TASK DIRECTIONS:
An exact restatement of the data is required, with the images omitted.

RECORDS FOR PROCESSING:
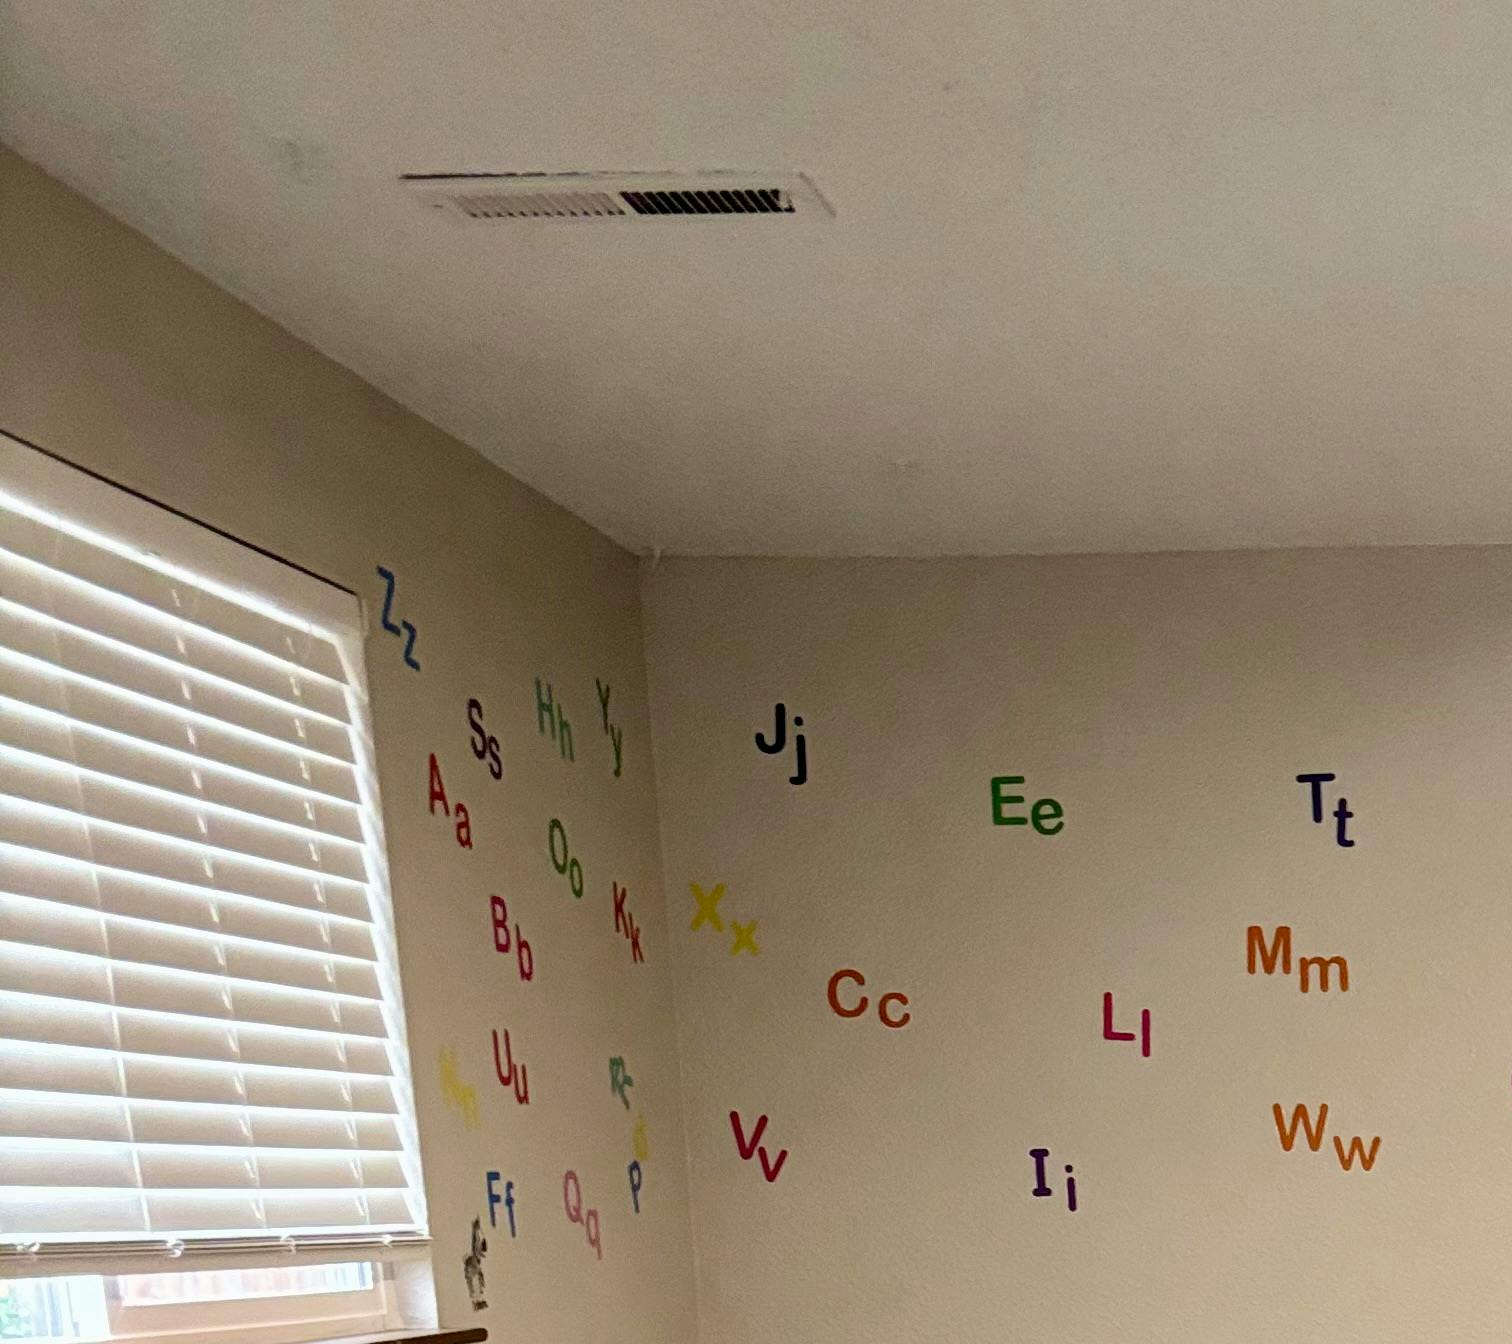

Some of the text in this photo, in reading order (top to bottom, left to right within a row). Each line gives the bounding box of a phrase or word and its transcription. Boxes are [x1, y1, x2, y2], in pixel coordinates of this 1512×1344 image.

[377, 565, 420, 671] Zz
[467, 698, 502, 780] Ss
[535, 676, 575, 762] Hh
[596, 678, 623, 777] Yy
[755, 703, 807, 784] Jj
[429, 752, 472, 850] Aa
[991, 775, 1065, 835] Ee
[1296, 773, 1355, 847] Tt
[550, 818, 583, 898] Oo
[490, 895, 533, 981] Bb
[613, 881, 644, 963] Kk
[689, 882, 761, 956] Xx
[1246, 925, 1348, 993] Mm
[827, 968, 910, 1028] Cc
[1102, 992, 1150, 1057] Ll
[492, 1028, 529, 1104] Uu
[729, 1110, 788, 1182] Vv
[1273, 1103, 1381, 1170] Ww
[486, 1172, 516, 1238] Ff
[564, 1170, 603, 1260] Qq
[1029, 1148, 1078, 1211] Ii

ANSWER TO THIS PROBLEM:
Some of the text in this photo, in reading order (top to bottom, left to right within a row). Each line gives the bounding box of a phrase or word and its transcription. Boxes are [x1, y1, x2, y2], in pixel coordinates of this 1512×1344 image.

[377, 565, 420, 671] Zz
[467, 698, 502, 780] Ss
[535, 676, 575, 762] Hh
[596, 678, 623, 777] Yy
[755, 703, 807, 784] Jj
[429, 752, 472, 850] Aa
[991, 775, 1065, 835] Ee
[1296, 773, 1355, 847] Tt
[550, 818, 583, 898] Oo
[490, 895, 533, 981] Bb
[613, 881, 644, 963] Kk
[689, 882, 761, 956] Xx
[1246, 925, 1348, 993] Mm
[827, 968, 910, 1028] Cc
[1102, 992, 1150, 1057] Ll
[492, 1028, 529, 1104] Uu
[729, 1110, 788, 1182] Vv
[1273, 1103, 1381, 1170] Ww
[486, 1172, 516, 1238] Ff
[564, 1170, 603, 1260] Qq
[1029, 1148, 1078, 1211] Ii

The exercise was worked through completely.